_Action item_
All of the entries below should be copied exactly as they appear.

_The input_
<<<<
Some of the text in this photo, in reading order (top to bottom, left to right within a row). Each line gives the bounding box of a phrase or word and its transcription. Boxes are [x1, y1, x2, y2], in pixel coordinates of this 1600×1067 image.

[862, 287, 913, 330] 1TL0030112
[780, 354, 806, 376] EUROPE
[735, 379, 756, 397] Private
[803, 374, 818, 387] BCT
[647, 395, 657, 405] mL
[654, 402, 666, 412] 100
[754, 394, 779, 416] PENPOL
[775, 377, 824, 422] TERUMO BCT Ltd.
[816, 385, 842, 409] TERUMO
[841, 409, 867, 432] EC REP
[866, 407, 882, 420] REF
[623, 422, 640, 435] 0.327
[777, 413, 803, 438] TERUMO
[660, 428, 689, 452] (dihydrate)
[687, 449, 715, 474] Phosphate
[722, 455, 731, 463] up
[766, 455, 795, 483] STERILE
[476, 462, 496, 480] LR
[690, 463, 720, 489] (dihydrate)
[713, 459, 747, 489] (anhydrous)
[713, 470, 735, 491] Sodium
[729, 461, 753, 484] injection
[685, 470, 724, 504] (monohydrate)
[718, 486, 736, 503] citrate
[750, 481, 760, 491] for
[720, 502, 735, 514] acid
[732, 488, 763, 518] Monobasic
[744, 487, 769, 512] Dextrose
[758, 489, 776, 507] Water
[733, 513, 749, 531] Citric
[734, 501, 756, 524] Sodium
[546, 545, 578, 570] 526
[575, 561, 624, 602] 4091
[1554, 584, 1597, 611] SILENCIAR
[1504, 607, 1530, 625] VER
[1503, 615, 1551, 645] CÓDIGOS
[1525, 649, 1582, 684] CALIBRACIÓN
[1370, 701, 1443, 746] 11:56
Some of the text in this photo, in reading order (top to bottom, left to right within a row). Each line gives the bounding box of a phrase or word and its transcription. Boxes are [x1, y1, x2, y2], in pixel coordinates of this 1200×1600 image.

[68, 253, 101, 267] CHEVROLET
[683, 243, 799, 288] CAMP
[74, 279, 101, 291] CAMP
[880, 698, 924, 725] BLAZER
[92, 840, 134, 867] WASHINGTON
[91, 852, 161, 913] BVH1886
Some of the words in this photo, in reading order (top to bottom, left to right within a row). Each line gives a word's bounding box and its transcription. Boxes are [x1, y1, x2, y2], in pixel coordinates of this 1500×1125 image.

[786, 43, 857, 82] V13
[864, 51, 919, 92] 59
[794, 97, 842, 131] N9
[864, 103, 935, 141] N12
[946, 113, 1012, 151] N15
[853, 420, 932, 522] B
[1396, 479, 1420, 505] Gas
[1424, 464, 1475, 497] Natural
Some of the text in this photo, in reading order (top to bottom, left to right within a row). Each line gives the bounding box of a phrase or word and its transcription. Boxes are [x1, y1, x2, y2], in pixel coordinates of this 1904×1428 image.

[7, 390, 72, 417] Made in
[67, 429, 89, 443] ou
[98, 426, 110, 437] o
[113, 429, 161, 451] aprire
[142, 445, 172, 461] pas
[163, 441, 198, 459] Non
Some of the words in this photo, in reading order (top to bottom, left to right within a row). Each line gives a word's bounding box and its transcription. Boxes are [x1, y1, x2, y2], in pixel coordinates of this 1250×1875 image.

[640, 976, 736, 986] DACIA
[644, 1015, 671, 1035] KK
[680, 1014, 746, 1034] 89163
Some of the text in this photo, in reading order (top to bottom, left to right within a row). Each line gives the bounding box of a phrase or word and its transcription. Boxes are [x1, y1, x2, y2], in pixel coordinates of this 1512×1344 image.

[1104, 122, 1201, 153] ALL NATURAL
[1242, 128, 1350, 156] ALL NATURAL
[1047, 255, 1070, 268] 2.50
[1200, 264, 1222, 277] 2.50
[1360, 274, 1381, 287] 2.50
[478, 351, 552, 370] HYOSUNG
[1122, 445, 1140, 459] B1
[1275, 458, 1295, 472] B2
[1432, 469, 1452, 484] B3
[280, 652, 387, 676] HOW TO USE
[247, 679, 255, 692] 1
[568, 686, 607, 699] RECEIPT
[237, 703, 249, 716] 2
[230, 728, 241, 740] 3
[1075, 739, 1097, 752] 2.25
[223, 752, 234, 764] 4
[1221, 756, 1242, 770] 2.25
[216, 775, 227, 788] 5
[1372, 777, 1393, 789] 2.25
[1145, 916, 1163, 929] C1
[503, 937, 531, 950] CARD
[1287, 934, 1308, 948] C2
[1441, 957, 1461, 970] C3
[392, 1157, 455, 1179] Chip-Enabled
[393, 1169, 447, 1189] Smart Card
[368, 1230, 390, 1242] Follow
>>>>
_Exercise answer_
Some of the text in this photo, in reading order (top to bottom, left to right within a row). Each line gives the bounding box of a phrase or word and its transcription. Boxes are [x1, y1, x2, y2], in pixel coordinates of this 1600×1067 image.

[862, 287, 913, 330] 1TL0030112
[780, 354, 806, 376] EUROPE
[735, 379, 756, 397] Private
[803, 374, 818, 387] BCT
[647, 395, 657, 405] mL
[654, 402, 666, 412] 100
[754, 394, 779, 416] PENPOL
[775, 377, 824, 422] TERUMO BCT Ltd.
[816, 385, 842, 409] TERUMO
[841, 409, 867, 432] EC REP
[866, 407, 882, 420] REF
[623, 422, 640, 435] 0.327
[777, 413, 803, 438] TERUMO
[660, 428, 689, 452] (dihydrate)
[687, 449, 715, 474] Phosphate
[722, 455, 731, 463] up
[766, 455, 795, 483] STERILE
[476, 462, 496, 480] LR
[690, 463, 720, 489] (dihydrate)
[713, 459, 747, 489] (anhydrous)
[713, 470, 735, 491] Sodium
[729, 461, 753, 484] injection
[685, 470, 724, 504] (monohydrate)
[718, 486, 736, 503] citrate
[750, 481, 760, 491] for
[720, 502, 735, 514] acid
[732, 488, 763, 518] Monobasic
[744, 487, 769, 512] Dextrose
[758, 489, 776, 507] Water
[733, 513, 749, 531] Citric
[734, 501, 756, 524] Sodium
[546, 545, 578, 570] 526
[575, 561, 624, 602] 4091
[1554, 584, 1597, 611] SILENCIAR
[1504, 607, 1530, 625] VER
[1503, 615, 1551, 645] CÓDIGOS
[1525, 649, 1582, 684] CALIBRACIÓN
[1370, 701, 1443, 746] 11:56
Some of the text in this photo, in reading order (top to bottom, left to right within a row). Each line gives the bounding box of a phrase or word and its transcription. Boxes are [x1, y1, x2, y2], in pixel coordinates of this 1200×1600 image.

[68, 253, 101, 267] CHEVROLET
[683, 243, 799, 288] CAMP
[74, 279, 101, 291] CAMP
[880, 698, 924, 725] BLAZER
[92, 840, 134, 867] WASHINGTON
[91, 852, 161, 913] BVH1886
Some of the words in this photo, in reading order (top to bottom, left to right within a row). Each line gives a word's bounding box and its transcription. Boxes are [x1, y1, x2, y2], in pixel coordinates of this 1500×1125 image.

[786, 43, 857, 82] V13
[864, 51, 919, 92] 59
[794, 97, 842, 131] N9
[864, 103, 935, 141] N12
[946, 113, 1012, 151] N15
[853, 420, 932, 522] B
[1396, 479, 1420, 505] Gas
[1424, 464, 1475, 497] Natural
Some of the text in this photo, in reading order (top to bottom, left to right within a row). Each line gives the bounding box of a phrase or word and its transcription. Boxes are [x1, y1, x2, y2], in pixel coordinates of this 1904×1428 image.

[7, 390, 72, 417] Made in
[67, 429, 89, 443] ou
[98, 426, 110, 437] o
[113, 429, 161, 451] aprire
[142, 445, 172, 461] pas
[163, 441, 198, 459] Non
Some of the words in this photo, in reading order (top to bottom, left to right within a row). Each line gives a word's bounding box and its transcription. Boxes are [x1, y1, x2, y2], in pixel coordinates of this 1250×1875 image.

[640, 976, 736, 986] DACIA
[644, 1015, 671, 1035] KK
[680, 1014, 746, 1034] 89163
Some of the text in this photo, in reading order (top to bottom, left to right within a row). Each line gives the bounding box of a phrase or word and its transcription. Boxes are [x1, y1, x2, y2], in pixel coordinates of this 1512×1344 image.

[1104, 122, 1201, 153] ALL NATURAL
[1242, 128, 1350, 156] ALL NATURAL
[1047, 255, 1070, 268] 2.50
[1200, 264, 1222, 277] 2.50
[1360, 274, 1381, 287] 2.50
[478, 351, 552, 370] HYOSUNG
[1122, 445, 1140, 459] B1
[1275, 458, 1295, 472] B2
[1432, 469, 1452, 484] B3
[280, 652, 387, 676] HOW TO USE
[247, 679, 255, 692] 1
[568, 686, 607, 699] RECEIPT
[237, 703, 249, 716] 2
[230, 728, 241, 740] 3
[1075, 739, 1097, 752] 2.25
[223, 752, 234, 764] 4
[1221, 756, 1242, 770] 2.25
[216, 775, 227, 788] 5
[1372, 777, 1393, 789] 2.25
[1145, 916, 1163, 929] C1
[503, 937, 531, 950] CARD
[1287, 934, 1308, 948] C2
[1441, 957, 1461, 970] C3
[392, 1157, 455, 1179] Chip-Enabled
[393, 1169, 447, 1189] Smart Card
[368, 1230, 390, 1242] Follow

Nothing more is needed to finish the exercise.